Numerose le domande che nascono spontanee: quali saranno le ripercussioni a lungo termine? Questa situazione porterà a un’evoluzione nel mondo della moda e dei suoi ritmi produttivi? Ci si chiede anche e soprattutto come reagiranno gli attori più importanti per la sua sopravvivenza: i professionisti da una parte e i consumatori dall’altra.

Come abbiamo visto la settimana scorsa, durante le sue lezioni di Fashion Design, la stilista Simona Serra ha affrontato questo argomento con i suoi studenti della MKS Milano Fashion School, i quali rappresentano letteralmente il futuro del settore. Proprio per questo motivo, abbiamo chiesto ad alcuni di loro di condividere con noi una piccola riflessione in merito.

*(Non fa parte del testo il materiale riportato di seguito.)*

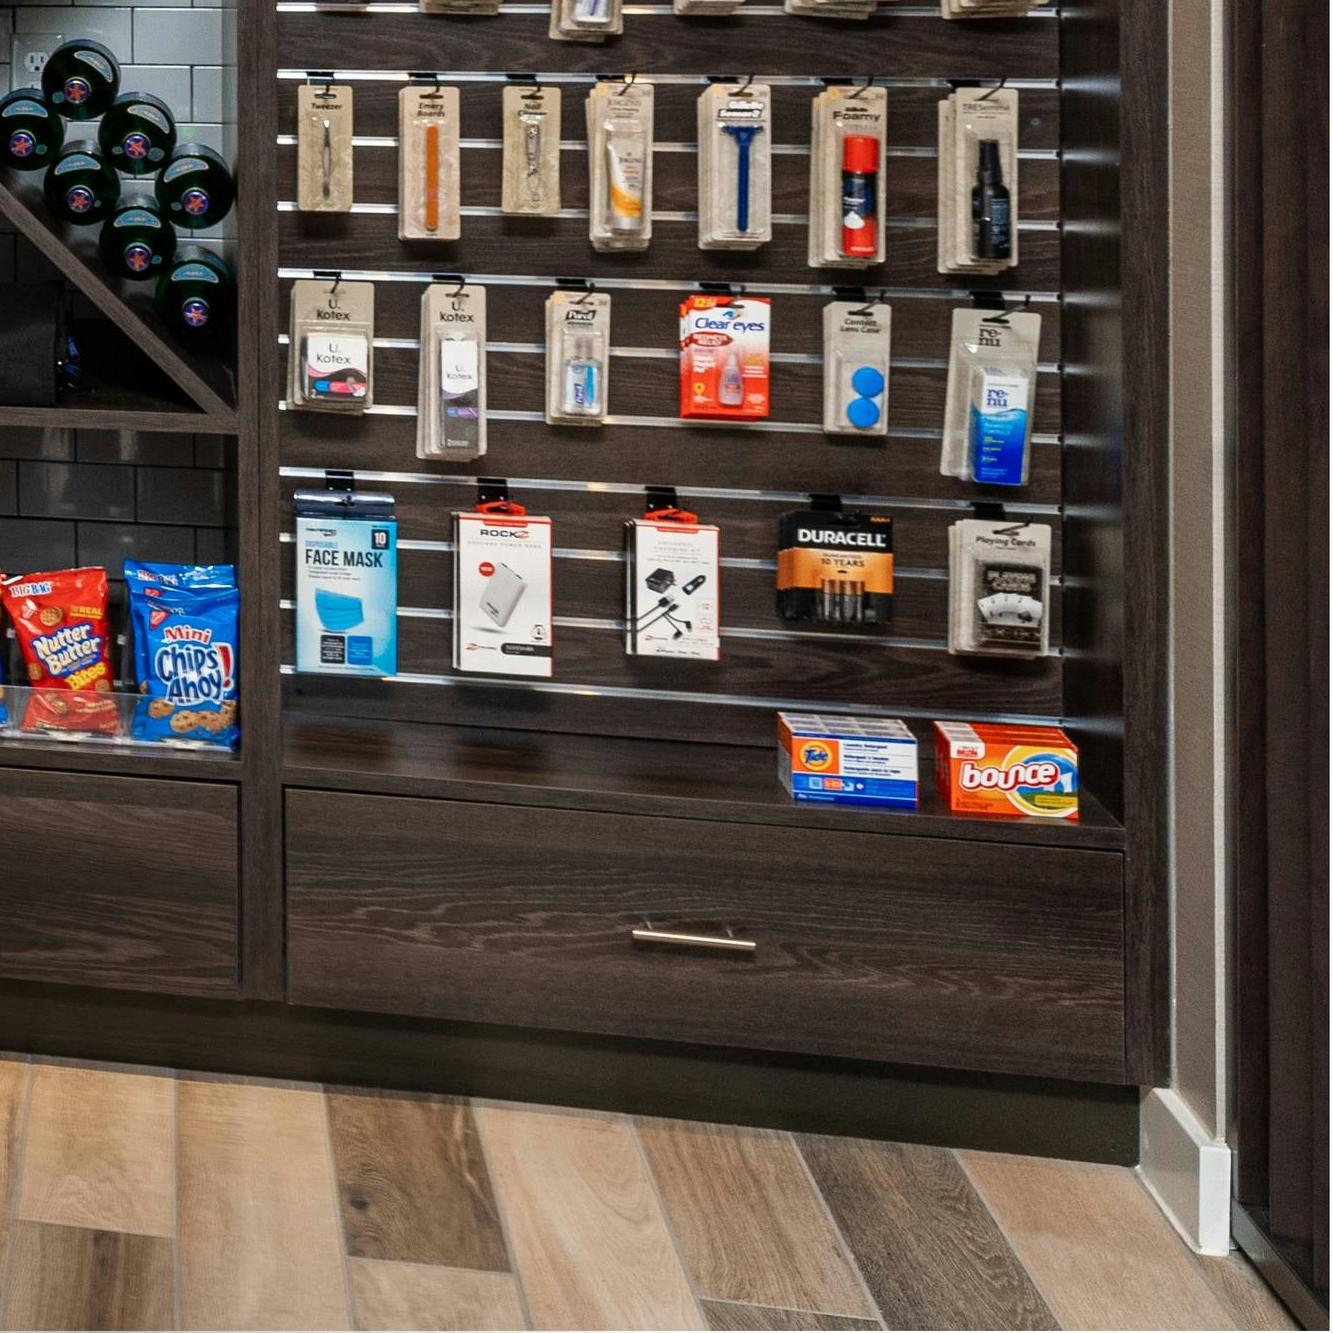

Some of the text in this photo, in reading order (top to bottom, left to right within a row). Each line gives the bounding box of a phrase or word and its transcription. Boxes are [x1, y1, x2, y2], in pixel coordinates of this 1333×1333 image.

Carlo Migliori (studente di Fashion Design, Anno I):

È probabile che ad ogni periodo di repressione e tensione ne succeda uno caratterizzato da cambiamenti radicali e spesso volti all’evoluzione. Almeno così la storia ci rammenta; ci basti pensare al Neoclassicismo che dopo la Rivoluzione francese, in un sogno che durò solo due decenni, riuscì a mettere da parte gli eccessi, le frivolezze e le costrizioni del rococò, oppure quando dopo la Seconda guerra mondiale a rivoluzionare la moda e lo stile di vita di tutti furono i colorati e trasgressivi movimenti giovanili degli anni ‘50 e ‘60. Più delle nostre imprese o condizioni finanziarie, sicuramente fondamentali nelle nostre vite, è molto più importante preservare l’aria che respiriamo, continuare a vedere il sole sorgere ed essere sempre più uniti. Forse sarà questo uno dei sentieri nel quale la moda si addentrerà; sempre più fresca, sostenibile e attenta anche alle necessità del pianeta su cui poggiamo i piedi, oltre che al nostro comprensibile bisogno di esprimerci. Certo è che molte aziende, almeno quelle che sopravviveranno al terremoto economico provocato dal Covid-19, prendano volontariamente o meno questa direzione, saranno costrette a dover diminuire le eccessive quantità di produzione e i frenetici ritmi lavorativi.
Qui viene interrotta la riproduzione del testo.